What you are asked to do: Without including pictures, set down every record exactly as it stands.

Images for object localization:
----

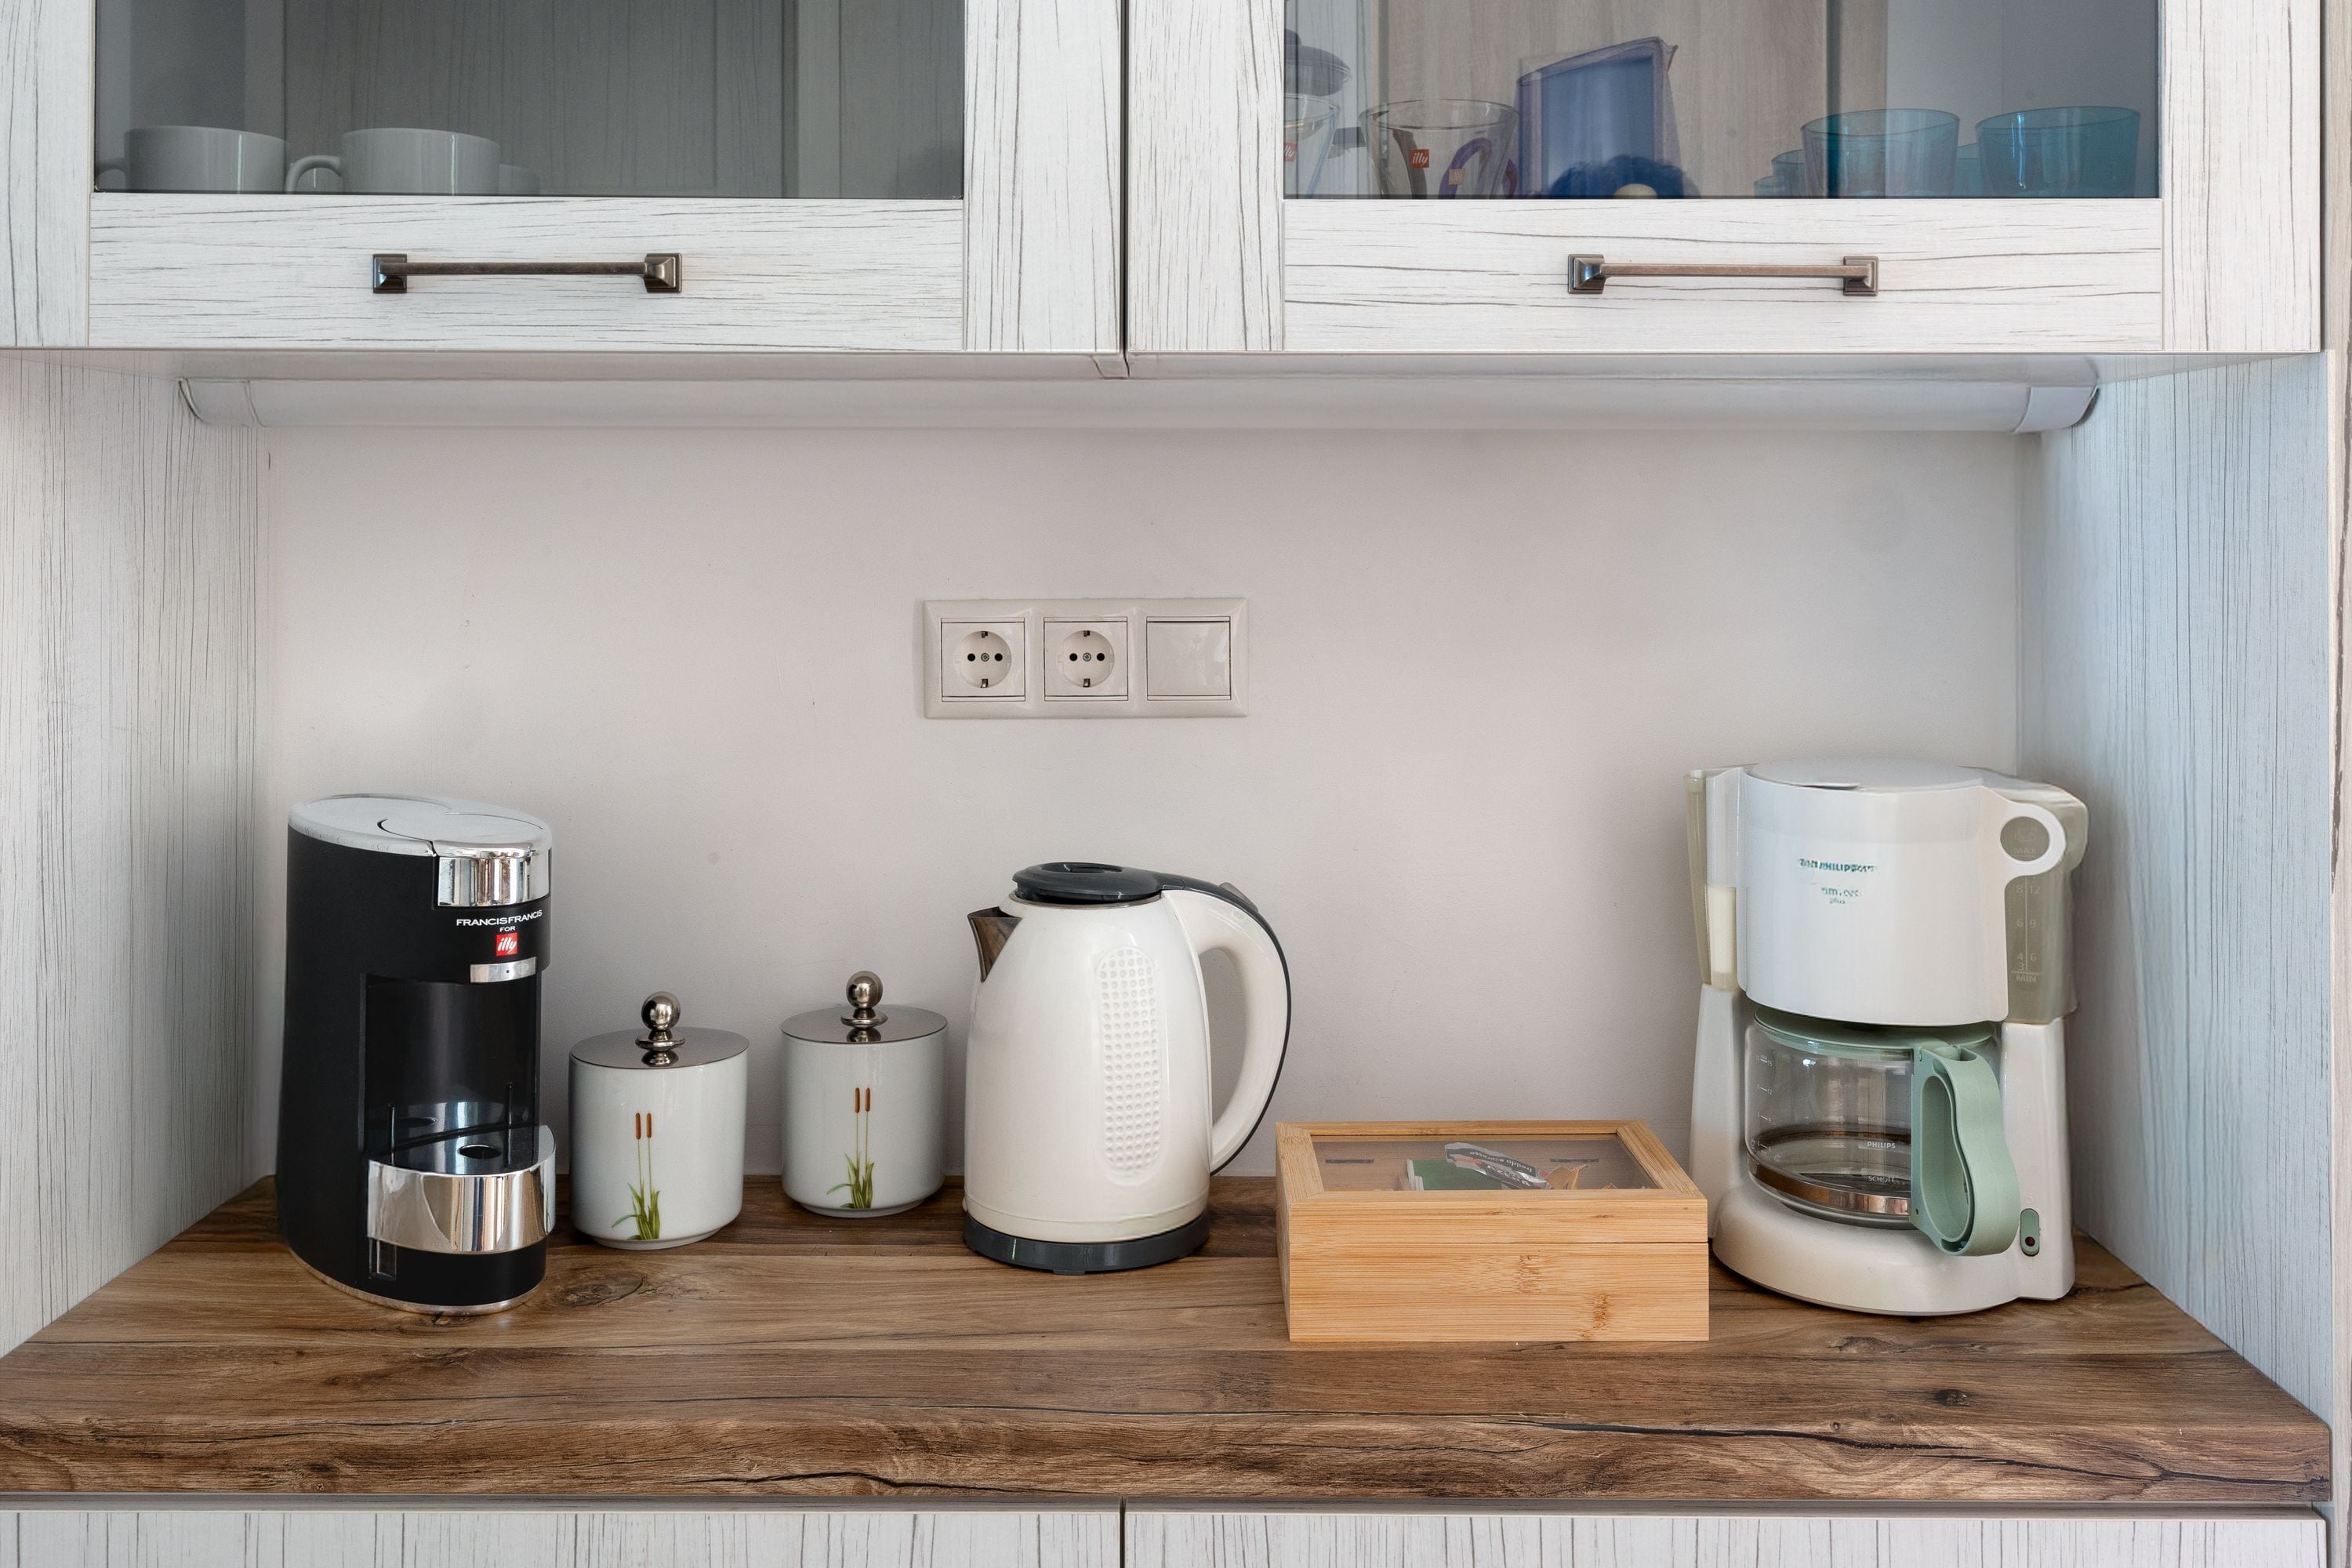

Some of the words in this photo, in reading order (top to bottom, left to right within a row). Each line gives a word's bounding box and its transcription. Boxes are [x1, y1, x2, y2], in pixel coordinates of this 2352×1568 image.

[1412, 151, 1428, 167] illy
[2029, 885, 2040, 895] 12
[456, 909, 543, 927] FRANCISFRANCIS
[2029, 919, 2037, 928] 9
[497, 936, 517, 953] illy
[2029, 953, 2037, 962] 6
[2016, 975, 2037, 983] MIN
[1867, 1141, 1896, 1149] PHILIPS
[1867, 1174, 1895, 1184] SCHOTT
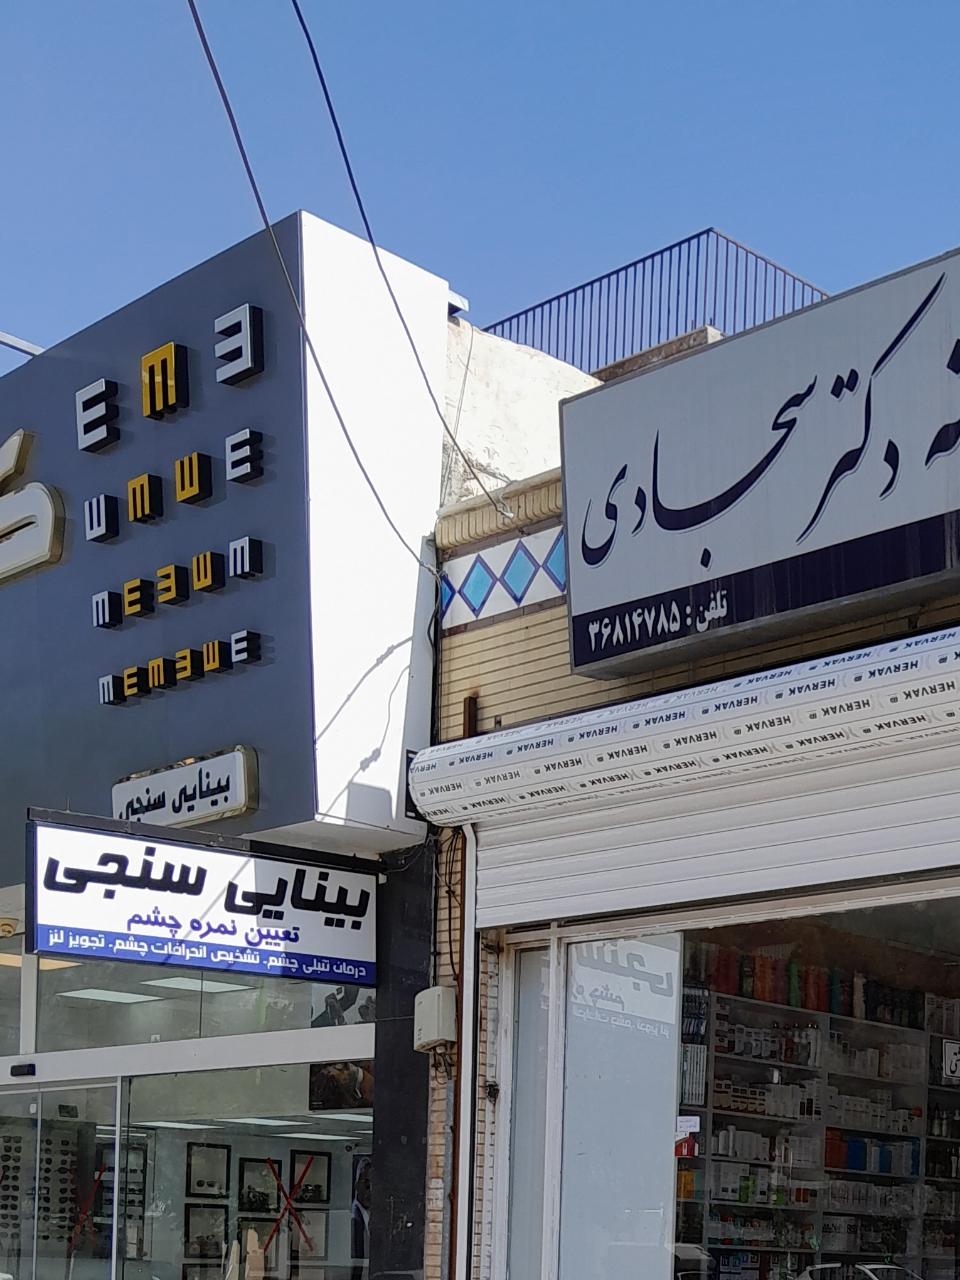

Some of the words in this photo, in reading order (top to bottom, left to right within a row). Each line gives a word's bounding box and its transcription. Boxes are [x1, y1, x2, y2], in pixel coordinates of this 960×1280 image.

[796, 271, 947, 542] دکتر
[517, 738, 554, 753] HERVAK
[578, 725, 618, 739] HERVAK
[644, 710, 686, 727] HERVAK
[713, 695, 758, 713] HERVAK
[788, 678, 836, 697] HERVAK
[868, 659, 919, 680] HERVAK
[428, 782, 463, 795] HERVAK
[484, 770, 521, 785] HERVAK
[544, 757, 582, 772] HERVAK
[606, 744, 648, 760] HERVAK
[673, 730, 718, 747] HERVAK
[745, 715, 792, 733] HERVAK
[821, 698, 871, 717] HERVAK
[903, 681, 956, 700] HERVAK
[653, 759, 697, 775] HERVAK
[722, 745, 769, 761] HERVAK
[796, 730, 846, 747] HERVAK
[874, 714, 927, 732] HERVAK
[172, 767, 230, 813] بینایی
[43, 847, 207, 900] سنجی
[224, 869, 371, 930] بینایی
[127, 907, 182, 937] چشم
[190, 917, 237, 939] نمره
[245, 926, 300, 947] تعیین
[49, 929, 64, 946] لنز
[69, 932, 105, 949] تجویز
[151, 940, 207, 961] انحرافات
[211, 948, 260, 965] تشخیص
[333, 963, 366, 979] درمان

----

Solution:
Some of the words in this photo, in reading order (top to bottom, left to right within a row). Each line gives a word's bounding box and its transcription. Boxes are [x1, y1, x2, y2], in pixel coordinates of this 2352×1568 image.

[1412, 151, 1428, 167] illy
[2029, 885, 2040, 895] 12
[456, 909, 543, 927] FRANCISFRANCIS
[2029, 919, 2037, 928] 9
[497, 936, 517, 953] illy
[2029, 953, 2037, 962] 6
[2016, 975, 2037, 983] MIN
[1867, 1141, 1896, 1149] PHILIPS
[1867, 1174, 1895, 1184] SCHOTT

Some of the words in this photo, in reading order (top to bottom, left to right within a row). Each line gives a word's bounding box and its transcription. Boxes are [x1, y1, x2, y2], in pixel coordinates of this 960×1280 image.

[796, 271, 947, 542] دکتر
[517, 738, 554, 753] HERVAK
[578, 725, 618, 739] HERVAK
[644, 710, 686, 727] HERVAK
[713, 695, 758, 713] HERVAK
[788, 678, 836, 697] HERVAK
[868, 659, 919, 680] HERVAK
[428, 782, 463, 795] HERVAK
[484, 770, 521, 785] HERVAK
[544, 757, 582, 772] HERVAK
[606, 744, 648, 760] HERVAK
[673, 730, 718, 747] HERVAK
[745, 715, 792, 733] HERVAK
[821, 698, 871, 717] HERVAK
[903, 681, 956, 700] HERVAK
[653, 759, 697, 775] HERVAK
[722, 745, 769, 761] HERVAK
[796, 730, 846, 747] HERVAK
[874, 714, 927, 732] HERVAK
[172, 767, 230, 813] بینایی
[43, 847, 207, 900] سنجی
[224, 869, 371, 930] بینایی
[127, 907, 182, 937] چشم
[190, 917, 237, 939] نمره
[245, 926, 300, 947] تعیین
[49, 929, 64, 946] لنز
[69, 932, 105, 949] تجویز
[151, 940, 207, 961] انحرافات
[211, 948, 260, 965] تشخیص
[333, 963, 366, 979] درمان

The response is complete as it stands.